Problem statement →
Copy all records precisely, apart from the pictures.
<<<<
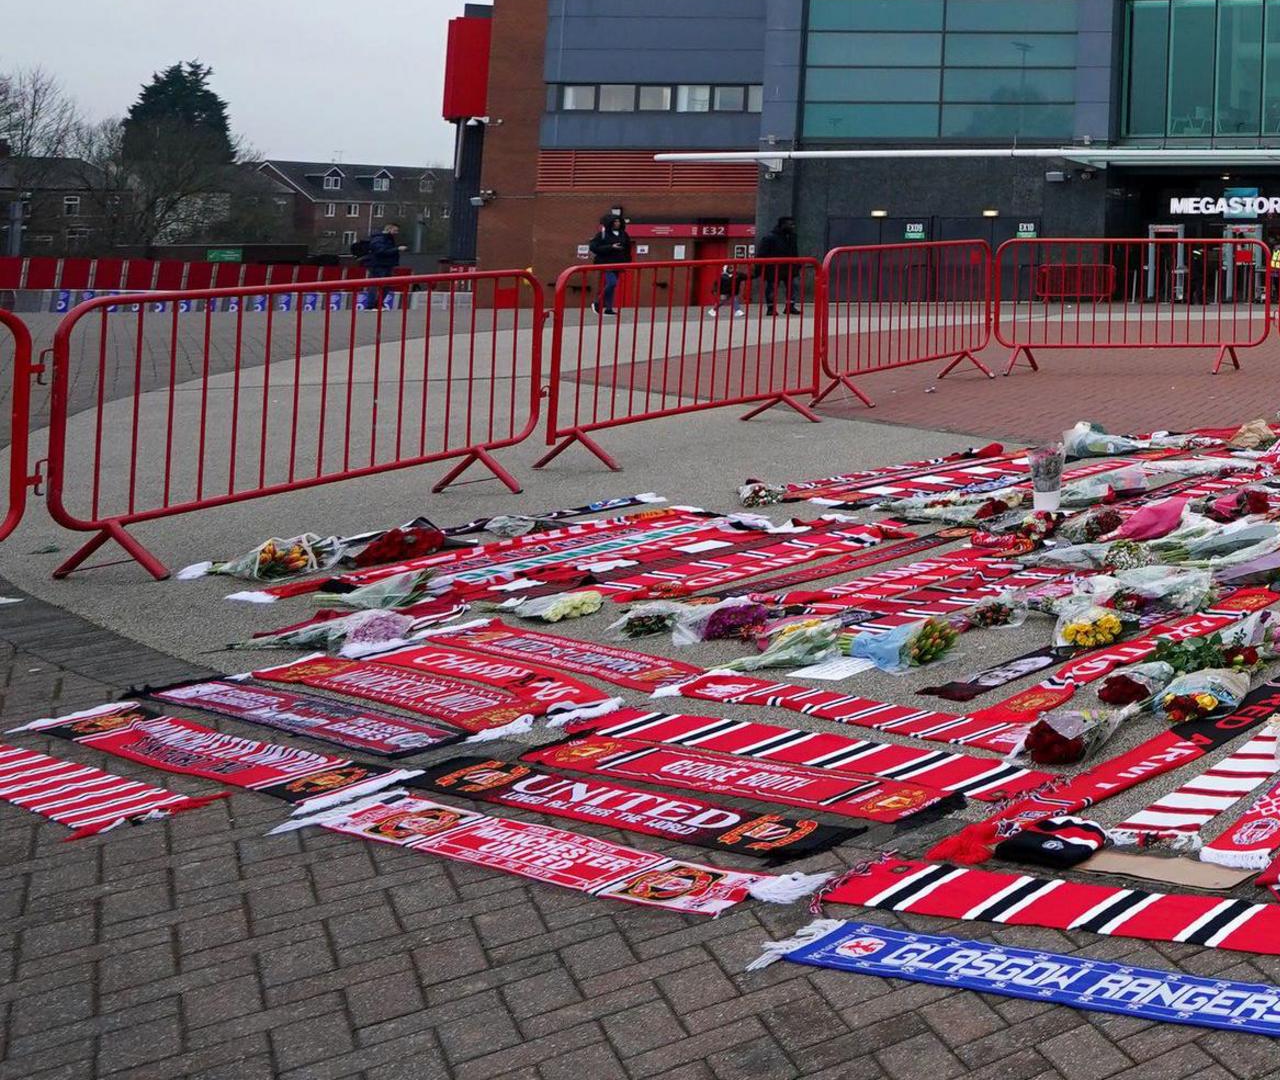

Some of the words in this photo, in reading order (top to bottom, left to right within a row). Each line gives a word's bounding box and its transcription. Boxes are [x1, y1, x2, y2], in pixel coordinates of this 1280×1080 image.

[702, 226, 725, 236] E32
[906, 223, 923, 233] EX09
[1018, 222, 1035, 233] EX10
[138, 719, 261, 763] MANCHESTER
[242, 740, 330, 774] UNITED
[659, 758, 741, 783] GEORGE
[736, 770, 817, 794] BOOTH
[510, 774, 744, 830] UNITED
[616, 809, 648, 824] THE
[471, 827, 632, 870] MANCHESTER
[477, 842, 575, 871] UNITED
[880, 942, 1090, 991] GLASGOW
>>>>
Answer for the task →
Some of the words in this photo, in reading order (top to bottom, left to right within a row). Each line gives a word's bounding box and its transcription. Boxes are [x1, y1, x2, y2], in pixel coordinates of this 1280×1080 image.

[702, 226, 725, 236] E32
[906, 223, 923, 233] EX09
[1018, 222, 1035, 233] EX10
[138, 719, 261, 763] MANCHESTER
[242, 740, 330, 774] UNITED
[659, 758, 741, 783] GEORGE
[736, 770, 817, 794] BOOTH
[510, 774, 744, 830] UNITED
[616, 809, 648, 824] THE
[471, 827, 632, 870] MANCHESTER
[477, 842, 575, 871] UNITED
[880, 942, 1090, 991] GLASGOW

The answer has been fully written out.